Been Here Before: Canes Host Bruins In Game 3

Here's a stunning fact: only one of the quarterfinal matchups went into Game 3 with a 1-1 tie.

 

  • Anaheim, Pittsburgh and Chicago won the first two games only to lose Game 3.
  • The Bruins, Wings and Canucks all led 2-0 en route to first-round sweeps.
  • The Caps lost their first two games to the Rangers, but rebounded in Game 3 with a 4-0 win en route to a seven-game series win.

And then there's the Canes. Carolina took Game 2 in New Jersey on Tim Gleason's overtime winner, seizing the overhyped home-ice advantage away from the Devils. Then they gave it back by losing 3-2 in overtime at the RBC in Game 3.

 

 

Nevertheless, the Canes know what it's like to be in what amounts to a best-of-five series. That experience, coupled with the number of Stanley Cup winners in the Carolina room, could prove to be a benefit to the Canes in Game 3 and beyond.

But Boston will be — apology ahead of time — like a wounded bear after losing for the first time this postseason.

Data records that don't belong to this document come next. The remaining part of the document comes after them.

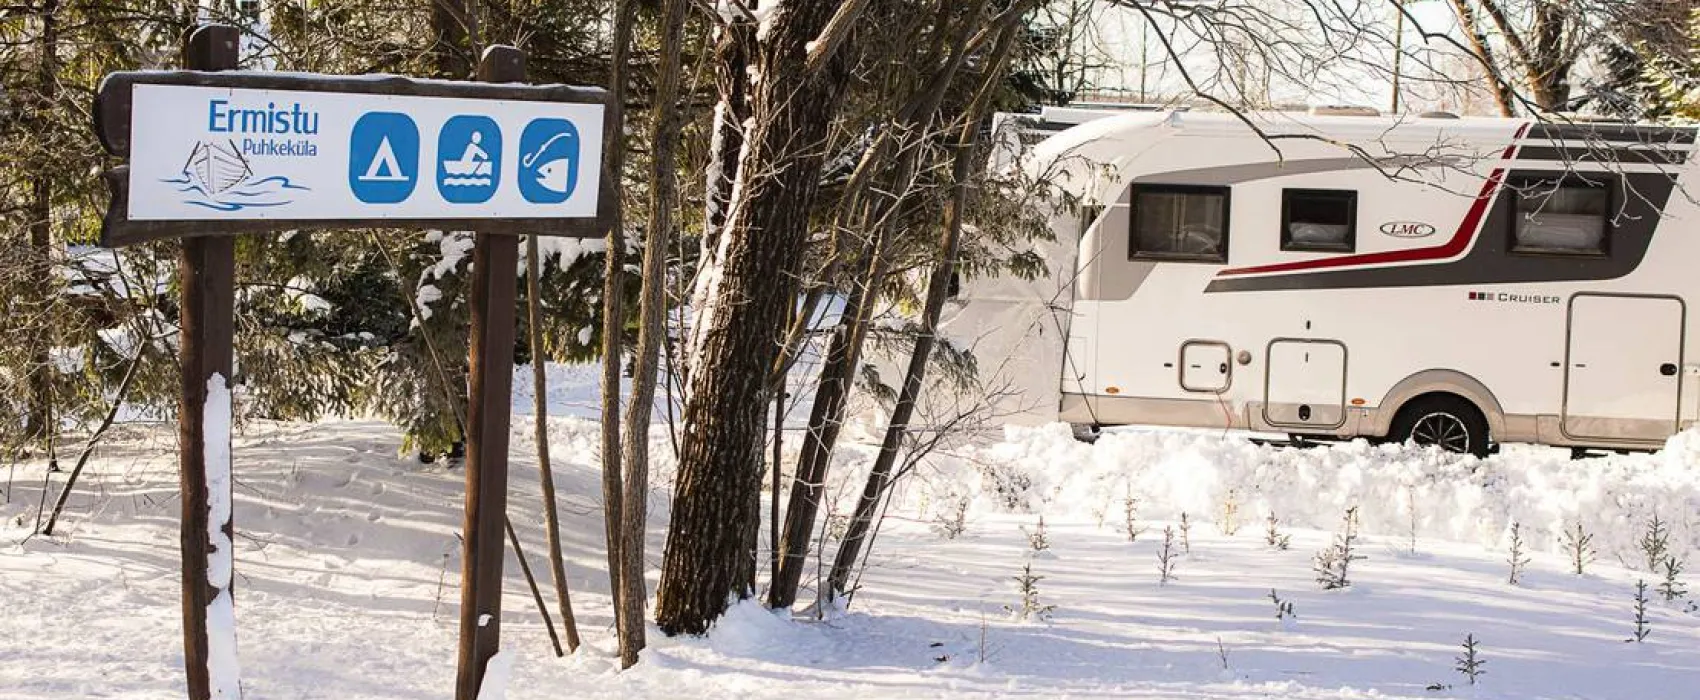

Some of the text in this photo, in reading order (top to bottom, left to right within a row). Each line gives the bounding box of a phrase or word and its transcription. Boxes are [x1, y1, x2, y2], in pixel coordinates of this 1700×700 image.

[208, 100, 318, 135] Ermistu
[243, 138, 317, 157] Puhkeküla
[1389, 224, 1425, 235] LMC
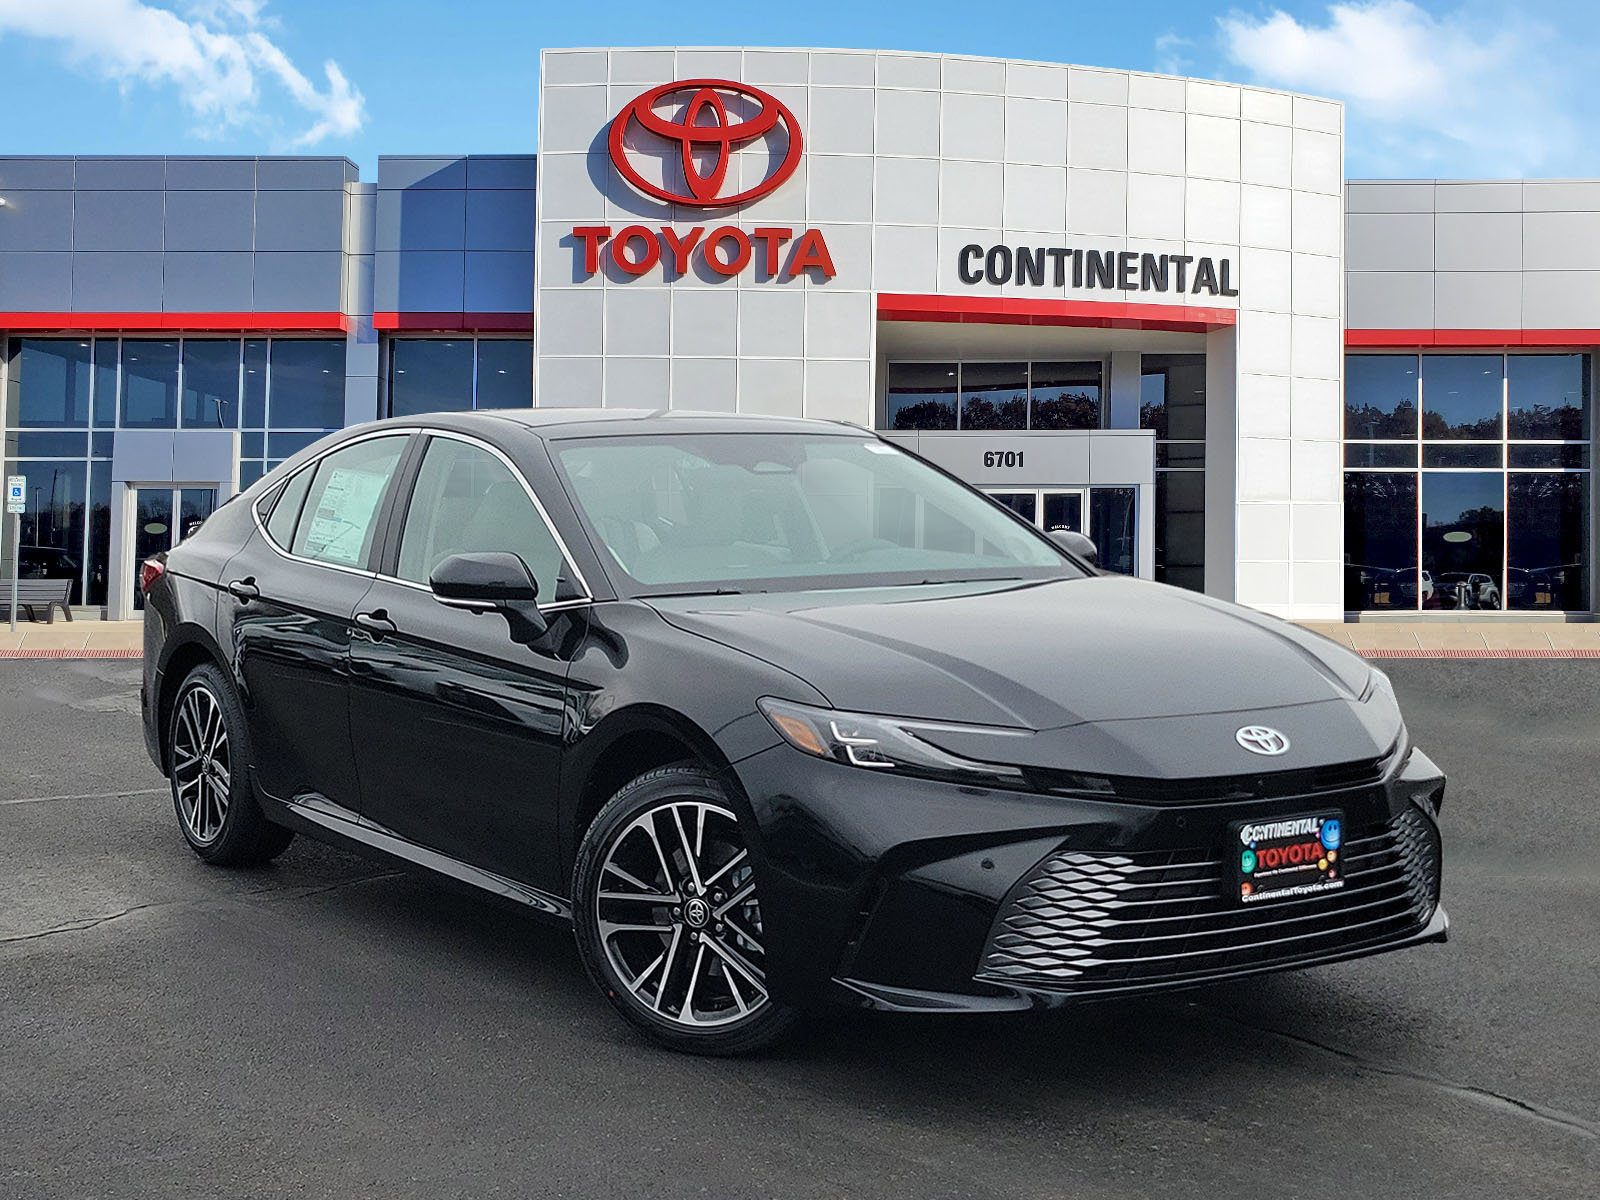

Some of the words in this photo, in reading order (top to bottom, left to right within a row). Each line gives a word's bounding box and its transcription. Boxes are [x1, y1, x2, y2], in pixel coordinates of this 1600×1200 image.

[572, 225, 837, 277] TOYOTA
[958, 244, 1239, 297] CONTINENTAL
[984, 451, 1024, 468] 6701
[1240, 817, 1320, 846] CONTINENTAL
[1256, 842, 1325, 869] TOYOTA
[1241, 880, 1345, 903] ContinentalToyota.com
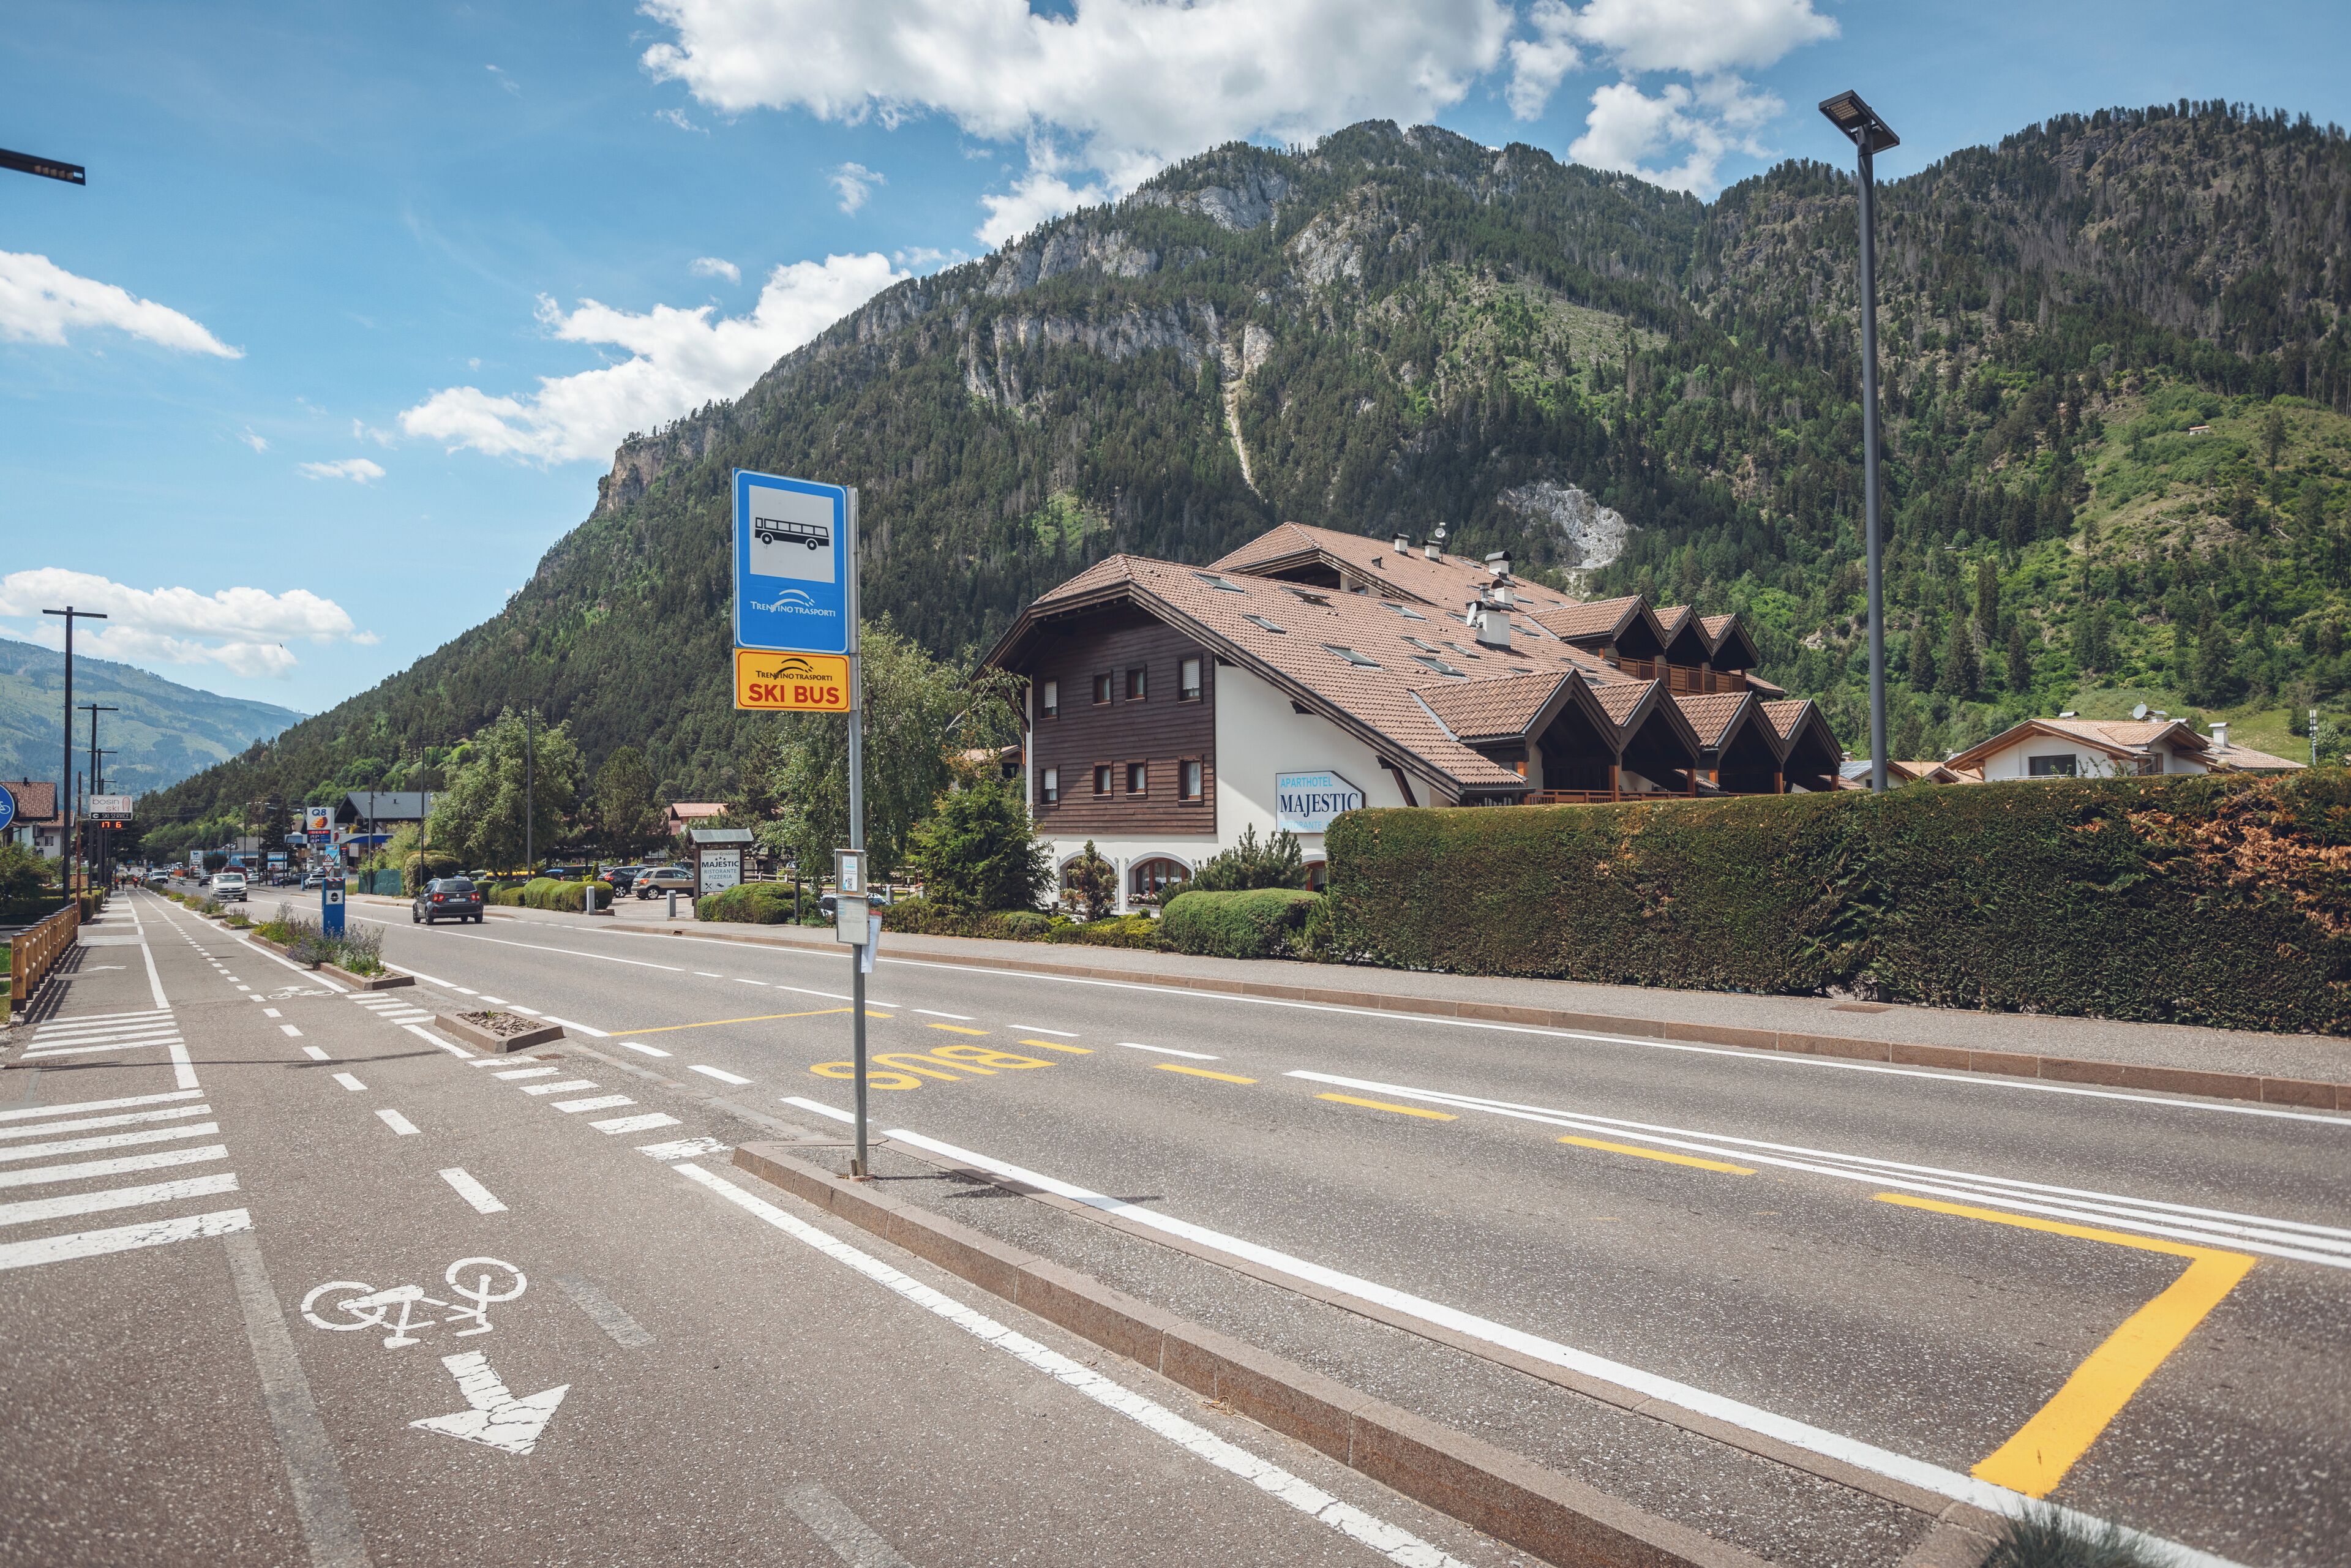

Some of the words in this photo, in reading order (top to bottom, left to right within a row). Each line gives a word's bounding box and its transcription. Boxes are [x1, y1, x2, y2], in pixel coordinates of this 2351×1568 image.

[750, 601, 793, 612] TRENTINO
[795, 607, 836, 617] TRASPORTI
[756, 670, 794, 680] TRENTINO
[748, 683, 785, 702] SKI
[795, 685, 839, 704] BUS
[1280, 776, 1333, 788] APARTHOTEL
[1280, 793, 1359, 817] MAJESTIC
[1280, 821, 1322, 830] RISTORANTE
[809, 1045, 1058, 1090] BUS

It's not often that Zdeno Chara is on the wrong end of all three goals scored in a game (as he was Sunday), and Tim Thomas must be wondering when he went from Vezina favorite to second fiddle to Cam Ward.

While I don't buy a lot of the "Canes figured out how to beat the Bruins" things I've read the past couple days (the playoffs are all about adjustments; the Canes adjusted in Game 2, expect Boston to do the same tonight), there's something to be said for the job Eric Staal and Erik Cole did on Chara. Staal managed a goal (empty-netter) and assist on the night, while Cole took the body on Chara at every opportunity. And when Staal scores, the Canes win: Carolina is 5-0 this postseason (and was 22-3-2 during the regular season) when he manages a goal. On top of that, Staal's next point would tie him with Ron Francis for the franchise mark for playoff points (39).

Ward already reigns supreme among all-time Hurricanes goalies, but he's cementing his legacy as one of the league's best playoff performers with his effort this postseason. His shutout in Game 2 was his second of the playoffs, and his 2.08 goals-against average and .937 save percentage are remarkable considering how tight Carolina's games have been thus far this postseason.

In those tight games, teams must rely on production from their secondary players, which is exactly what the Hurricanes received in Game 2. And if you're a Boston fan, you need to worry about Joe Corvo and Matt Cullen.

Cullen and Corvo are arguably the two streakiest scorers on the Carolina roster. Since he became a Cane, Corvo has usually had prolonged scoring droughts followed by several games of impressive output. On Nov. 2, he ended a seven-game goalless streak with a goal, then reeled off another goal and three assists in his next three. A three-assist night in mid-March against the Isles was the beginning of a six-game run where he put up eight points. The Canes and their fans will expect Corvo to get hot now that he's gotten on the scoreboard.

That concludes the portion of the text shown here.